E, assim, chegava a Sanlúcar
de Barrameda de onde partira. Para que pudesse avançar o pouco de distância que
ainda faltava para atracar, a tripulação jogou no mar o traquete, a vela ré, o
cabrestante, a âncora, os relógios, o astrolábio, os compassos e os mapas.

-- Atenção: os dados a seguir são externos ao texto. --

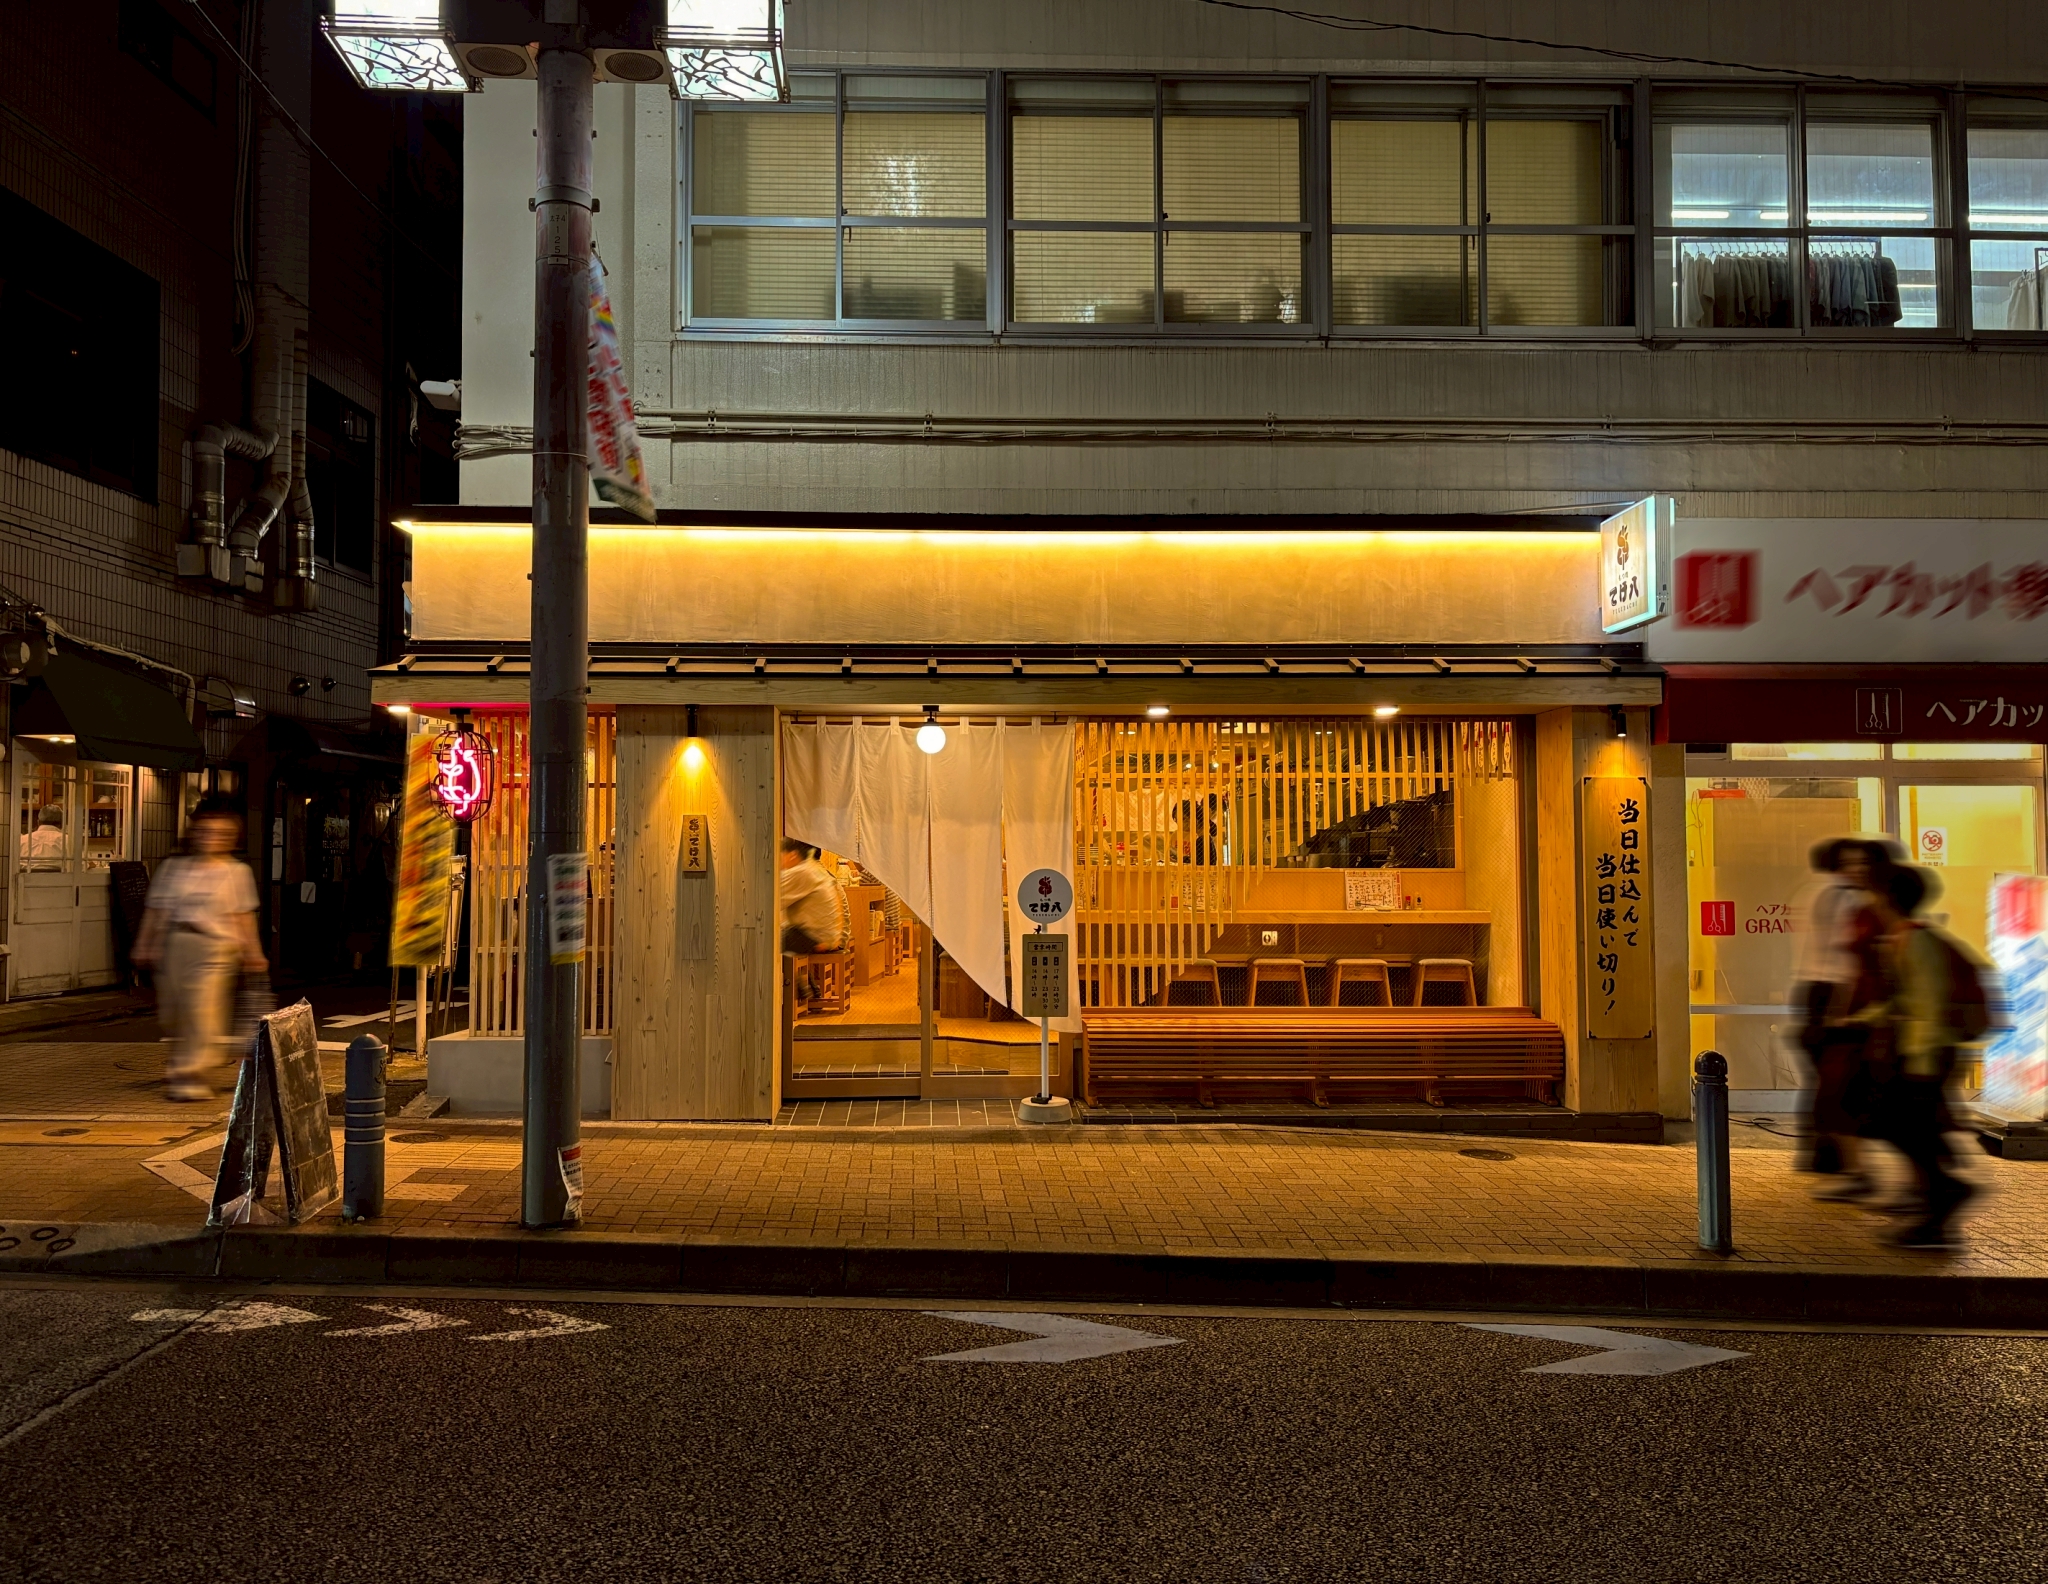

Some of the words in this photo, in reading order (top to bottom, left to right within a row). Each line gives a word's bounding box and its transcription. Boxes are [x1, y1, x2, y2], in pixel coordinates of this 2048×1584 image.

[1618, 797, 1642, 947] 当日仕込んで
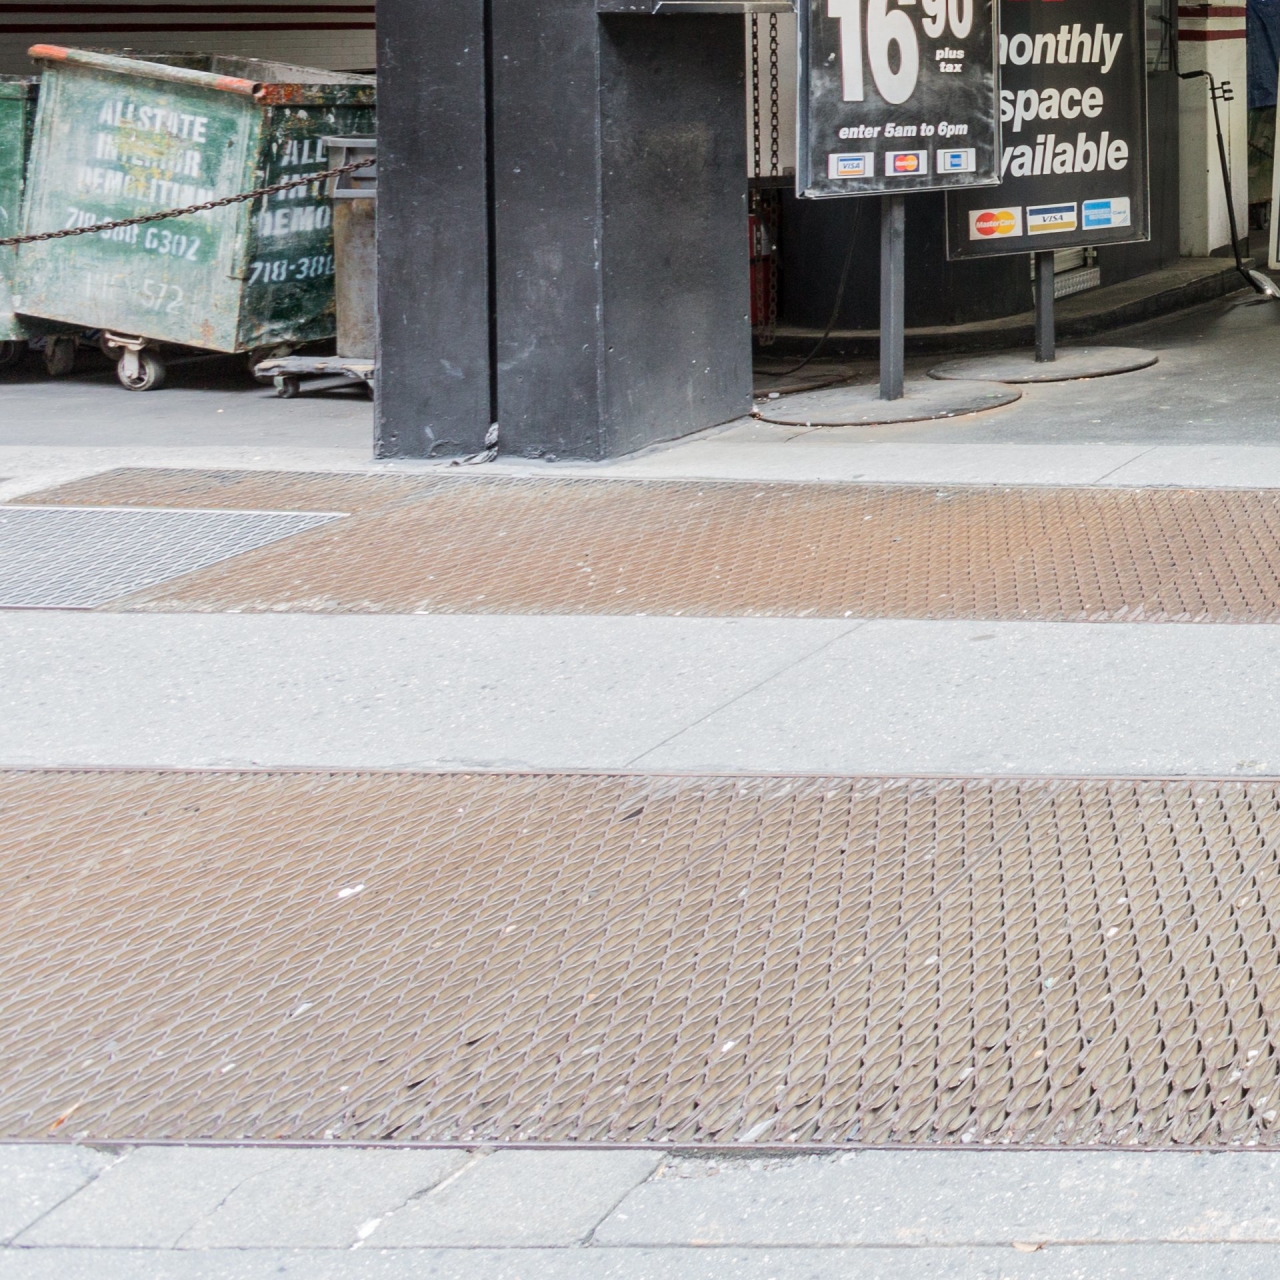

Das cinco naves que haviam
partido sob as ordens de Fernão de Magalhães no dia 20 de setembro de 1519 para
um rumo que apenas ele conhecia, só a Victoria voltara. Partiram valentes,
levadas pelo vendaval para longe da costa, as negras proas na sua louca carreira
desapareciam sob as ondas para emergir triunfantes depois, escorrendo água por
todos os lados.
Com elas, Fernão de Magalhães
queria chegar, viajando rumo Este ao Arquipélago das Especiarias onde as
árvores do cravo eram fonte de riqueza.
Três anos durou a viagem:cinco negras naus abrindo-se passos
pressurosas em direção aos confins do mundo desconhecido e mais além.
Bosque de carvalho haviam
sido – mais de mil altos, robustos carvalhos - que, transformados
em frágeis madeirames, foram postos a flutuar sobre o mar: a Trinidad, nau
capitã, a Santiago, a San Antonio, a Concepción e a Victoria com suas velas - enormes
pétalas de fazenda branca - que o
vento fazia como que florescer.
Nas tempestades quando o mar
se encrespa e aumenta a força das ondas, elas parecem se quebrar; nas
calmarias, se imobilizam como que pousadas em espelho de cristal azul. E manada de cavalos selvagens, negros e
reluzentes de espuma, correndo desenfreadamente na direção do nada, elas parecem obedecer aos ventos.
Cruzam o Equador, depois
navegam por mares frios. A Santiago naufraga no sul do Continente, antes de
chegar ao Pacífico. A San Antonio se perde e a sua tripulação, num dos canais
do Estreito de Magalhães. Depois de chegar às ilhas das Especiarias e àquela
que os espanhóis chamam Maluco e ancorar em águas calmas, devem partir às
pressas e navegar e navegar sem sentido. Então, a Concepción, a das mais brancas e lindas velas a que já fora bela como uma noiva, que já deslizara sobre o mar com
a mágica elegância de um cisne
foi queimada por não mais poder navegar.
Ao destino, Sanlúcar de
Barrameda, no dia 6 de setembro de 1522, chegou a Victoria. Ela cheira a podre, a cabos ressecados, a
bronzes carcomidos pela ferrugem, a velas infestadas de fungos, a porões
vazios, a urinas e excrementos, cheira, também a sonhos destroçados. Ao sal de
muitos mares. E a raivas, medo e desesperança.
Dos duzentos e cinqüenta
homens, seus tripulantes, regressaram dezoito. Fernão de Magalhães, o capitão,
havia dito: depois de nossa viagem o mundo não será o mesmo.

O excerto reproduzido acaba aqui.